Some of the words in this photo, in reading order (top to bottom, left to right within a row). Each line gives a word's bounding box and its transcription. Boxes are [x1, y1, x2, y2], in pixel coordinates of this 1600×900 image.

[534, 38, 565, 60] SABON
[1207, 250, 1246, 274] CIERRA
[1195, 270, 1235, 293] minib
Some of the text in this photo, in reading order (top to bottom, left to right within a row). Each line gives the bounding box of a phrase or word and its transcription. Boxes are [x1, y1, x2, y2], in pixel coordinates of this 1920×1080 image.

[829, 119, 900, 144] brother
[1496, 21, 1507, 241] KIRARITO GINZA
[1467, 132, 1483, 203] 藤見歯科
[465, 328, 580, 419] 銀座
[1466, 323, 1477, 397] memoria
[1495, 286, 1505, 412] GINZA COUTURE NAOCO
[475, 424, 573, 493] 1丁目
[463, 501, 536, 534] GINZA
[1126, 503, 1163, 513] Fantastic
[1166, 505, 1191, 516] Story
★ ★ ★ ★
## AIM OF THE TASK
Would it be possible to reproduce all the entries exactly as they appear above?

## YOUR SOLUTION
Some of the words in this photo, in reading order (top to bottom, left to right within a row). Each line gives a word's bounding box and its transcription. Boxes are [x1, y1, x2, y2], in pixel coordinates of this 1600×900 image.

[534, 38, 565, 60] SABON
[1207, 250, 1246, 274] CIERRA
[1195, 270, 1235, 293] minib
Some of the text in this photo, in reading order (top to bottom, left to right within a row). Each line gives the bounding box of a phrase or word and its transcription. Boxes are [x1, y1, x2, y2], in pixel coordinates of this 1920×1080 image.

[829, 119, 900, 144] brother
[1496, 21, 1507, 241] KIRARITO GINZA
[1467, 132, 1483, 203] 藤見歯科
[465, 328, 580, 419] 銀座
[1466, 323, 1477, 397] memoria
[1495, 286, 1505, 412] GINZA COUTURE NAOCO
[475, 424, 573, 493] 1丁目
[463, 501, 536, 534] GINZA
[1126, 503, 1163, 513] Fantastic
[1166, 505, 1191, 516] Story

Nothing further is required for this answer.